Blood dripped from Zombie Frank Cashen’s chin.  He sat across from Fred Wilpon, sole owner of the New York Mets since 2002, who squirmed uncomfortably in his chair behind a large, dark brown desk spattered with crimson droplets.

“Argghh,” growled Zombie Frank Cashen (which translated to “Do it now”).  He nodded at the desk.

“OK,” Fred peeped.  He picked up the phone and dialed ESPN. 

“Hello, Mike?
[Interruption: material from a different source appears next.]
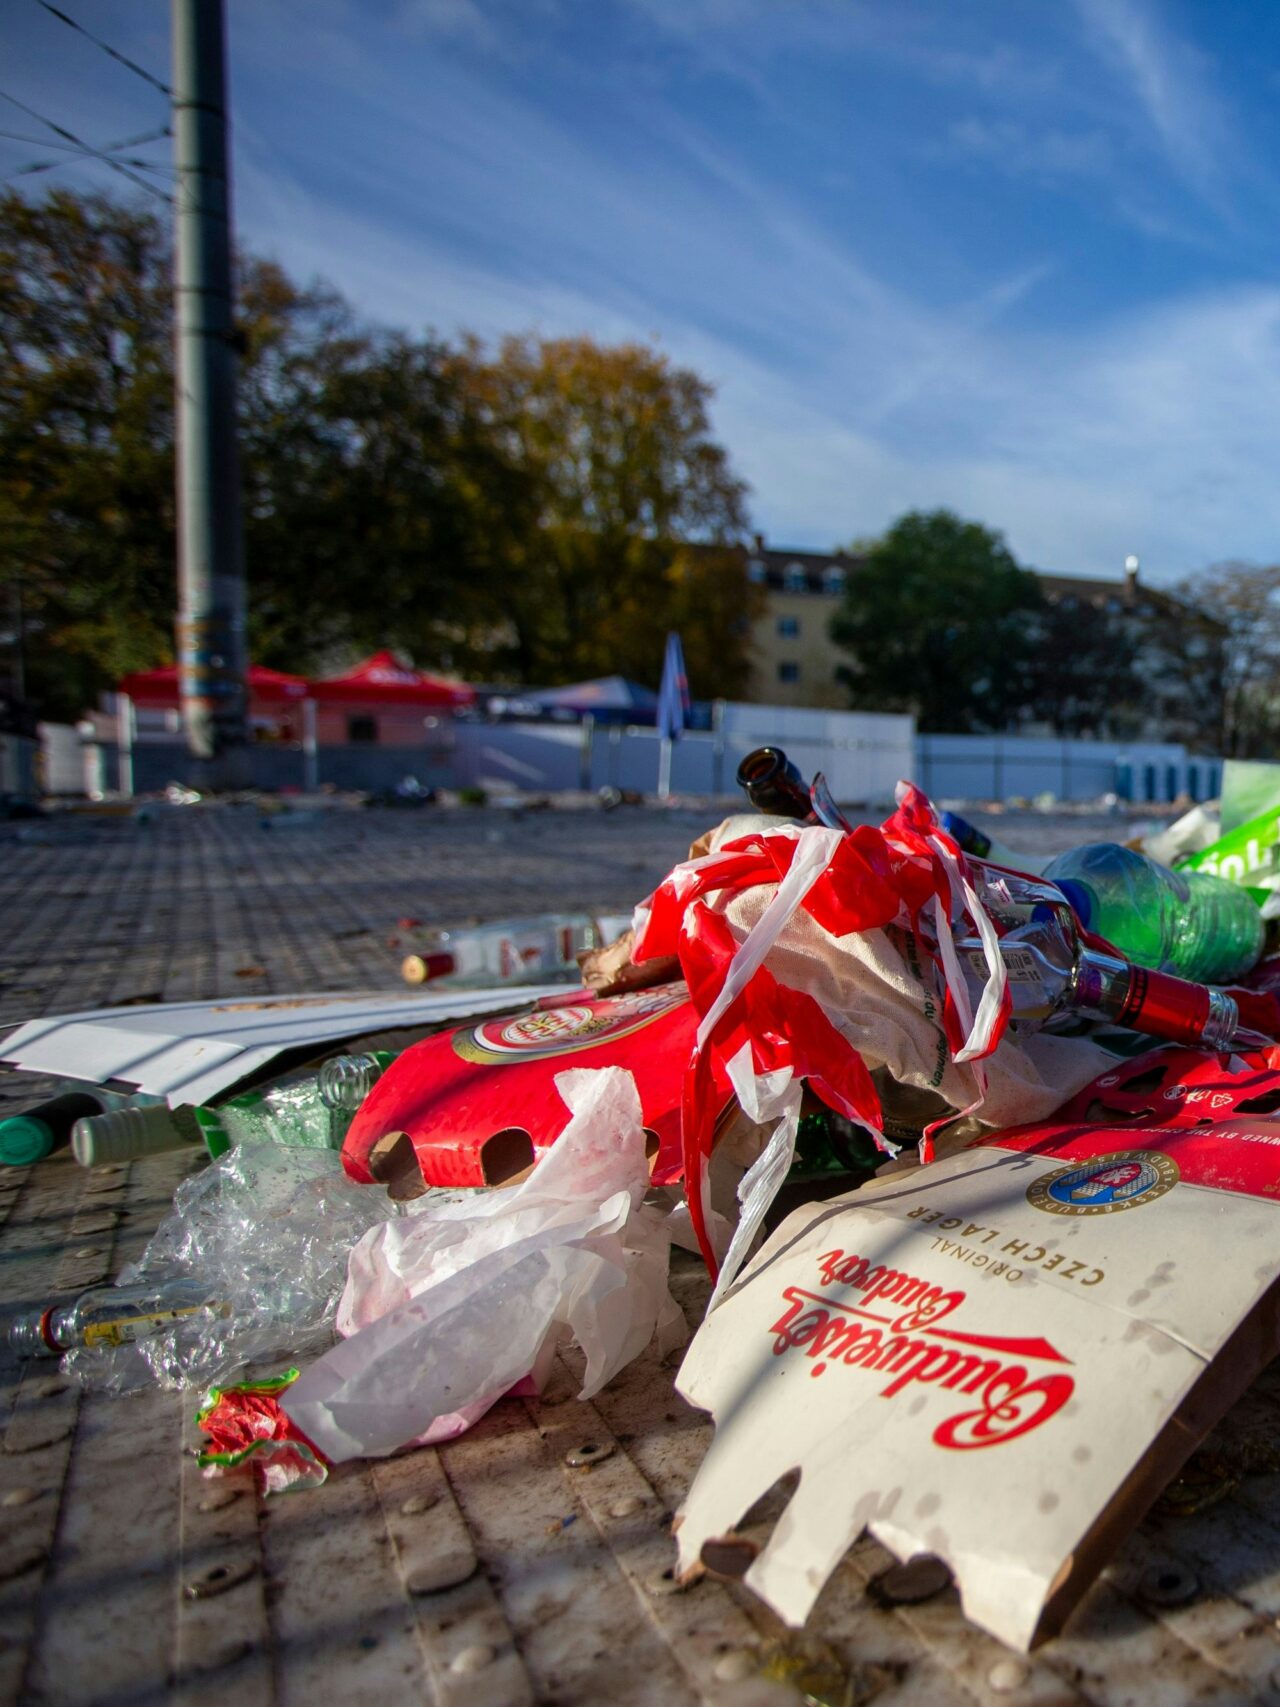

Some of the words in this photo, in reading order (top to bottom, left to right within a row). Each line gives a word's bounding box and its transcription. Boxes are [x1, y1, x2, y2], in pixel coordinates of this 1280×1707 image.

It’s Fred Wilpon…Yes…We let Omar and Jerry go…Yes…We’re in the market for a GM and a manager…No, we have no one in mind as yet…OK, I will…Bye.”  He slowly hung up, keeping his eyes on Frank.  “Um…is there anything else, uh, I can do for you…Frank?”
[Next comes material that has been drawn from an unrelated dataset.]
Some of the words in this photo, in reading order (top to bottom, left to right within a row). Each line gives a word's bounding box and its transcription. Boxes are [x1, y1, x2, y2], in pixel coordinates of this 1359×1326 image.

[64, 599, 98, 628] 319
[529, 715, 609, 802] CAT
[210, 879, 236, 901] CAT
“Brrraaaaiiiinns!”  Cashen licked his fingers after downing the last bits of Omar Minaya’s cerebellum.  He hiccuped and belched and licked his chops. “Grrrrrrrr. (Let me tell you a story.)”  He stared at Fred.

“Arrrrrrrrrrrrggggggggghhhhhhhh!  Errrrrrmmmm, gaaaarrrrr!…(The Mets were once on top of the world here in New York.  Back in the mid-80s, they were the toast of the town, and I was the architect of those teams.  In the late ’70s, especially after the Yankees won it in ’77 and ’78, no one would have believed that the Mets would own the city for the next decade.  Do you remember the Mets won more games in the 1980s than any other team in baseball?)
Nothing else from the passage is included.